Stored records:
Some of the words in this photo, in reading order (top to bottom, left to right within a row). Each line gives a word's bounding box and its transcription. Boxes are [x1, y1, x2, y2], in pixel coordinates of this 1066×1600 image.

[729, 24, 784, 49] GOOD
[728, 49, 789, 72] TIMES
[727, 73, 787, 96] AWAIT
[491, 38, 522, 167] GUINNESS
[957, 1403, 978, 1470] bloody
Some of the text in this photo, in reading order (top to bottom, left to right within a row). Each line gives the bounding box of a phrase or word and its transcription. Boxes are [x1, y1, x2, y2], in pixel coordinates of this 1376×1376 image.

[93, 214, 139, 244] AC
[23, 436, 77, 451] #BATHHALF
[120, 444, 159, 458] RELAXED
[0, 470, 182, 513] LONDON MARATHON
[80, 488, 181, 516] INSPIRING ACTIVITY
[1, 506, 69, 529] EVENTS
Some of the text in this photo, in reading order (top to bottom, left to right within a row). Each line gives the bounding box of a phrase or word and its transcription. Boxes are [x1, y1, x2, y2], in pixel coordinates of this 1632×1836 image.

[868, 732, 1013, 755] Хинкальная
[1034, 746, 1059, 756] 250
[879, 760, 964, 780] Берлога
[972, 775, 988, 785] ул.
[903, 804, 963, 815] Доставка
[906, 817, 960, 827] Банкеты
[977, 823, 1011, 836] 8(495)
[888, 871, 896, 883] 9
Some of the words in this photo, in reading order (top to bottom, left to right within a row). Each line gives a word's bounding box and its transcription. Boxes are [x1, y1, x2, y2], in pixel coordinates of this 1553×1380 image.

* Exercise details
Produce the entries above once more, identical in every detail.

* Completed task
Some of the words in this photo, in reading order (top to bottom, left to right within a row). Each line gives a word's bounding box and its transcription. Boxes are [x1, y1, x2, y2], in pixel coordinates of this 1066×1600 image.

[729, 24, 784, 49] GOOD
[728, 49, 789, 72] TIMES
[727, 73, 787, 96] AWAIT
[491, 38, 522, 167] GUINNESS
[957, 1403, 978, 1470] bloody
Some of the text in this photo, in reading order (top to bottom, left to right within a row). Each line gives the bounding box of a phrase or word and its transcription. Boxes are [x1, y1, x2, y2], in pixel coordinates of this 1376×1376 image.

[93, 214, 139, 244] AC
[23, 436, 77, 451] #BATHHALF
[120, 444, 159, 458] RELAXED
[0, 470, 182, 513] LONDON MARATHON
[80, 488, 181, 516] INSPIRING ACTIVITY
[1, 506, 69, 529] EVENTS
Some of the text in this photo, in reading order (top to bottom, left to right within a row). Each line gives the bounding box of a phrase or word and its transcription. Boxes are [x1, y1, x2, y2], in pixel coordinates of this 1632×1836 image.

[868, 732, 1013, 755] Хинкальная
[1034, 746, 1059, 756] 250
[879, 760, 964, 780] Берлога
[972, 775, 988, 785] ул.
[903, 804, 963, 815] Доставка
[906, 817, 960, 827] Банкеты
[977, 823, 1011, 836] 8(495)
[888, 871, 896, 883] 9
Some of the words in this photo, in reading order (top to bottom, left to right within a row). Each line gives a word's bounding box and its transcription. Boxes are [x1, y1, x2, y2], in pixel coordinates of this 1553×1380 image.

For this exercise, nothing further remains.